Penn Dental Medicine Developing Hypertension Drug

Dentistry Today


High blood pressure in the lungs’ arteries causes the heart to work extra hard to pump blood to the lungs and the rest of the body in pulmonary arterial hypertension (PAH). The condition is rare but deadly. Current treatments have side effects and are expensive and inconvenient to administer. And, there is no cure. 

With a goal of developing a more effective, convenient, and affordable therapy, research led by Penn Dental Medicine’s Henry Daniell, PhD, has produced a protein drug in lettuce leaves to treat PAH. He worked with colleagues from Penn’s Perelman School of Medicine, the Indiana University School of Medicine, the Stanford Research Institute, and RTI International. 

The protein drug can be taken orally. It comprises the enzyme angiotensin converting enzyme-2 (ACE2) and its protein product angiotensin (1-7). In a PAH animal model, it reduced pulmonary artery pressure and remodeling. Also, rigorous toxicology and dose-response studies suggested the drug’s safety in animals.

Coincidentally, ACE2 is the binding site for SARS-COV-2 entry into the lungs.
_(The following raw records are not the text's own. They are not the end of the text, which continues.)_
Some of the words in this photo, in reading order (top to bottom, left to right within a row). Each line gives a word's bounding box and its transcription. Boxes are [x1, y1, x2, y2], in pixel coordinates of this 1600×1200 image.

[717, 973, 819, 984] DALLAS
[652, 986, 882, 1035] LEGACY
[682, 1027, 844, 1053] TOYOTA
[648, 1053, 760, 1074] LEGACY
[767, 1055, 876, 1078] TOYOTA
A decrease of ACE2 in COVID-19 patients leads to acute lung and cardiac failure. Clinical trials are getting started to orally deliver ACE2 directly to the lungs to relieve these symptoms in COVID-19 patients.

Daniell has employed his platform to grow biomedically important proteins of many kinds in the leaves of plants, Penn Dental said. The system bombards plant tissue with the genes of interest, prompting chloroplasts to take up genes and then express that protein. Propagating those plants creates a kind of pharmaceutical farm from which the powdered plants can be encapsulated. 
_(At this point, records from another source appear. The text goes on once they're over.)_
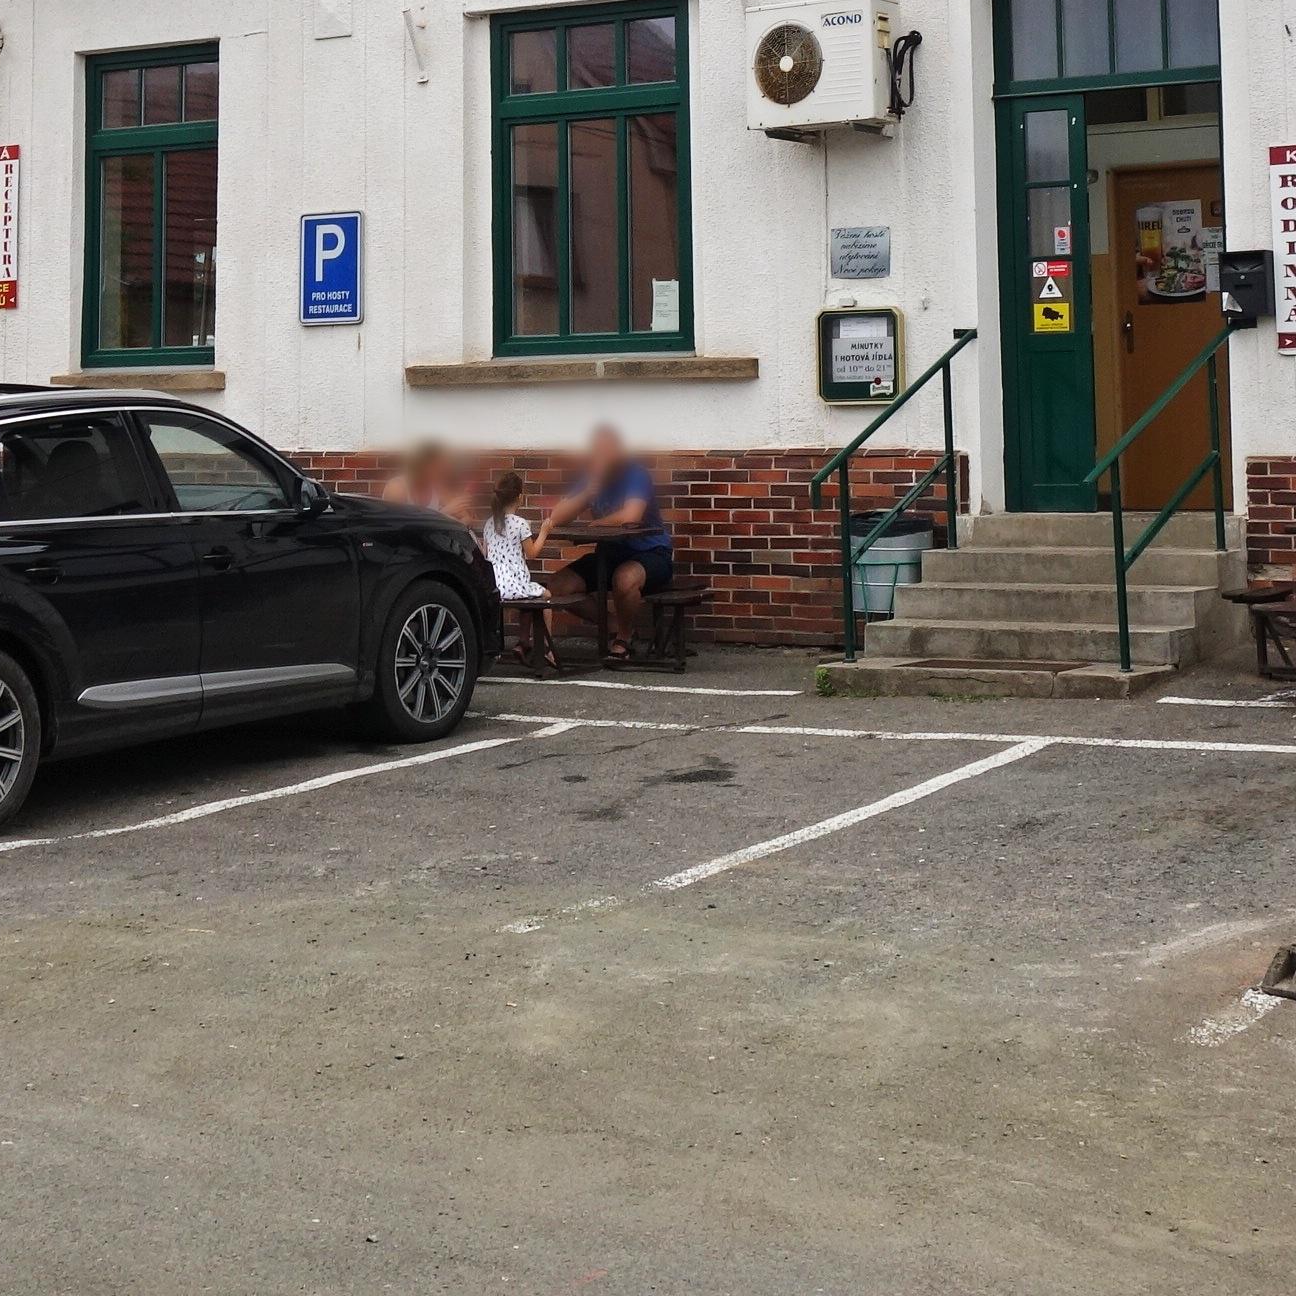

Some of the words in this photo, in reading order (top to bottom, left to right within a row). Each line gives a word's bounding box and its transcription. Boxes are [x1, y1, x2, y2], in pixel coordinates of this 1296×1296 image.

[823, 14, 862, 27] ACOND
[2, 163, 13, 279] RECEPTURA
[315, 224, 346, 282] P
[312, 292, 326, 301] PRO
[327, 291, 350, 300] HOSTY
[309, 304, 352, 314] RESTAURACE
[840, 352, 870, 362] HOTOVÁ
[872, 351, 893, 361] JÍDLA
A previous study that formed the basis of the current study earned Daniell an American Heart Association prize and support from the National Institutes of Health’s Science Moving TowArds Research Translation and Therapy (SMARTT) program. 
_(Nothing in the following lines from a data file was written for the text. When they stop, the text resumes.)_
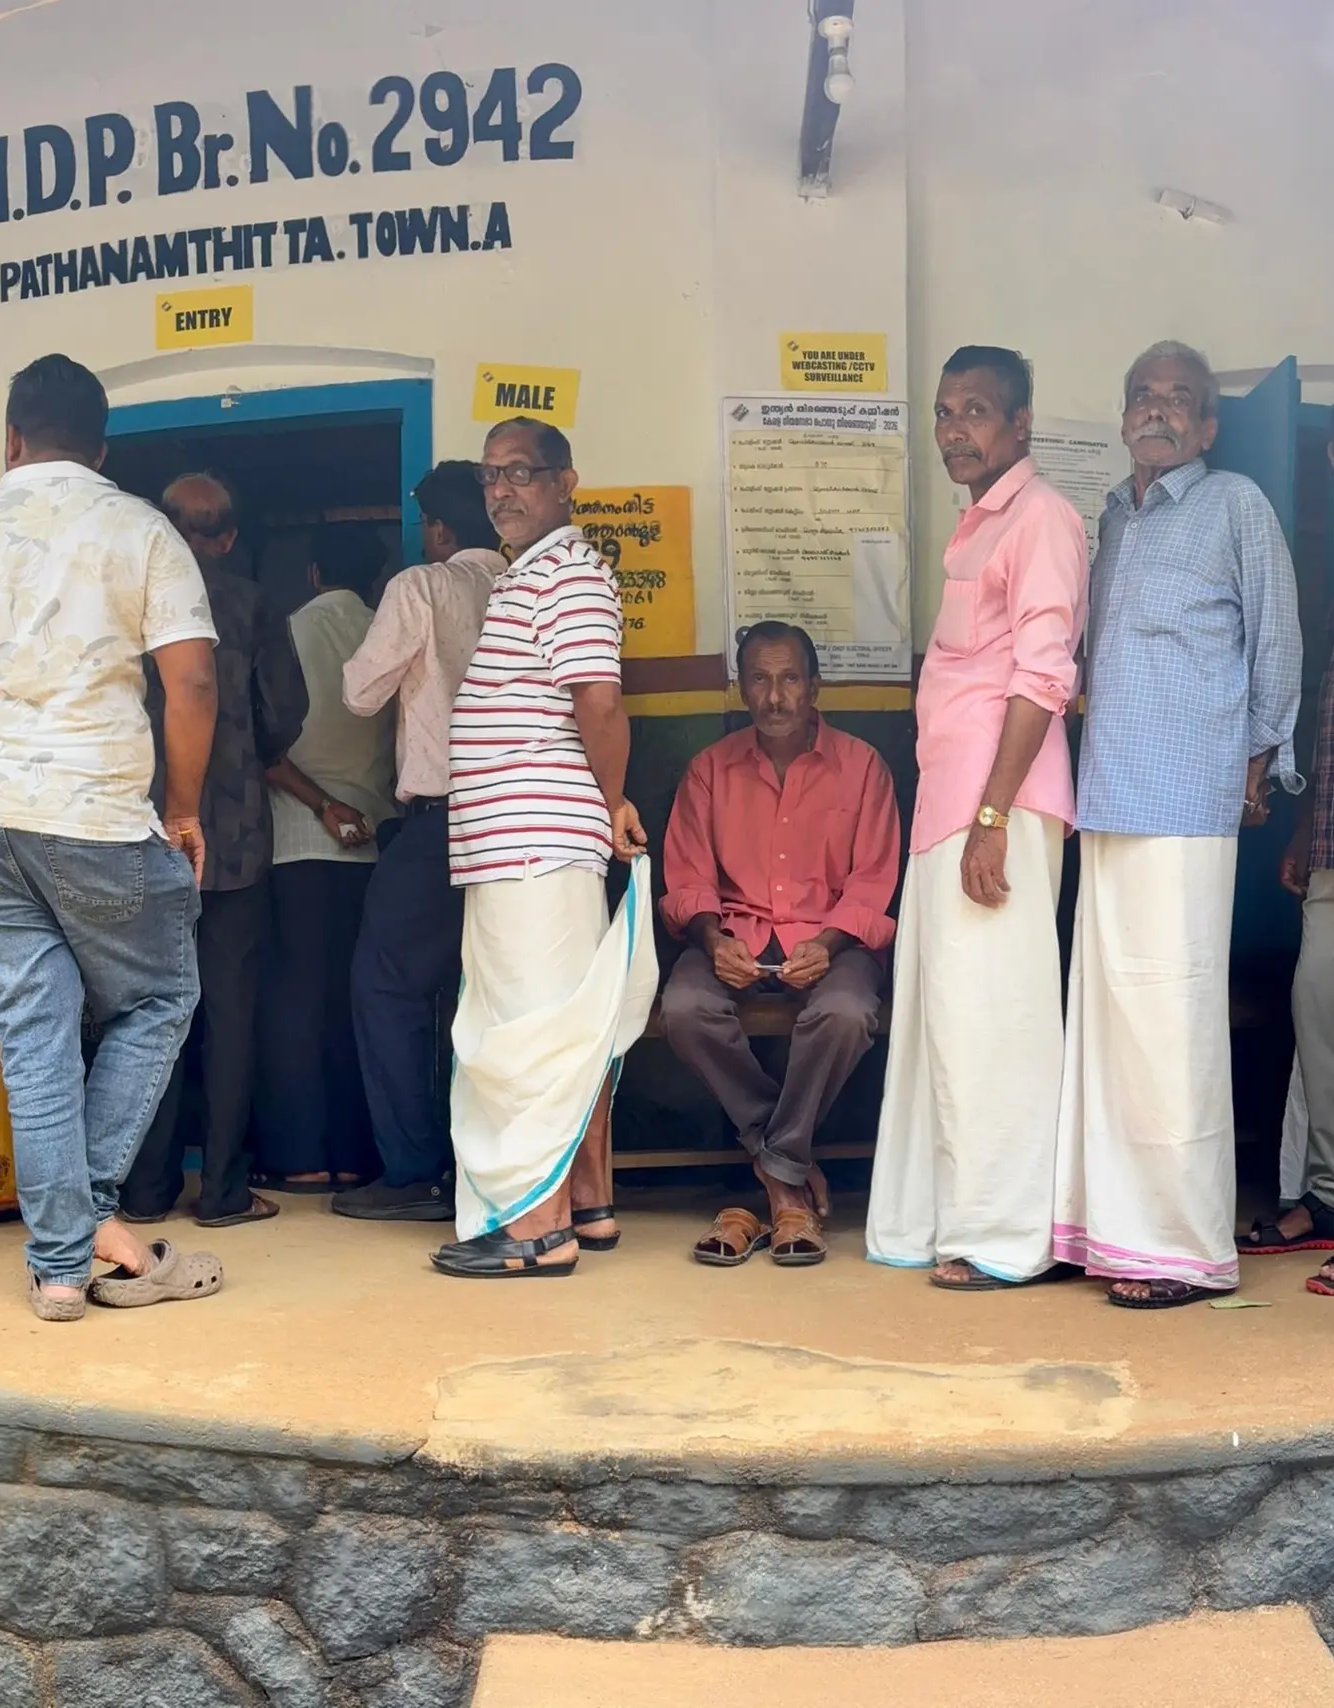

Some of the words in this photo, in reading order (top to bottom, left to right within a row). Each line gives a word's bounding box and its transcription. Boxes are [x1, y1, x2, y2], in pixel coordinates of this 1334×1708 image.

[175, 307, 233, 332] ENTRY
[801, 350, 819, 360] YOU
[820, 350, 837, 360] ARE
[837, 351, 865, 361] UNDER
[792, 361, 847, 371] WEBCASTING
[804, 372, 864, 383] SURVEILLANCE
[495, 382, 556, 411] MALE
The earlier study showed that ACE2 and angiotensin (1-7) could be expressed in tobacco leaves. The newer study moved to a lettuce-based platform. It also takes advantage of other advances that Daniell’s lab has made in the last several years.

Daniell and his colleagues have successfully devised methods to enhance the expression of human genes in the plants and to remove the antibiotic resistance gene used to select for angiotensin-producing plants. 

The researchers also have worked with a partner to produce genetically engineered plants in a production facility that adheres to Food and Drug Administration standards and completed third-party toxicology and pharmacokinetic studies. 

The study, “Investigational New Drug Enabling Angiotensin Oral-Delivery Studies to Attenuate Pulmonary Hypertension,” was published by Biomaterials.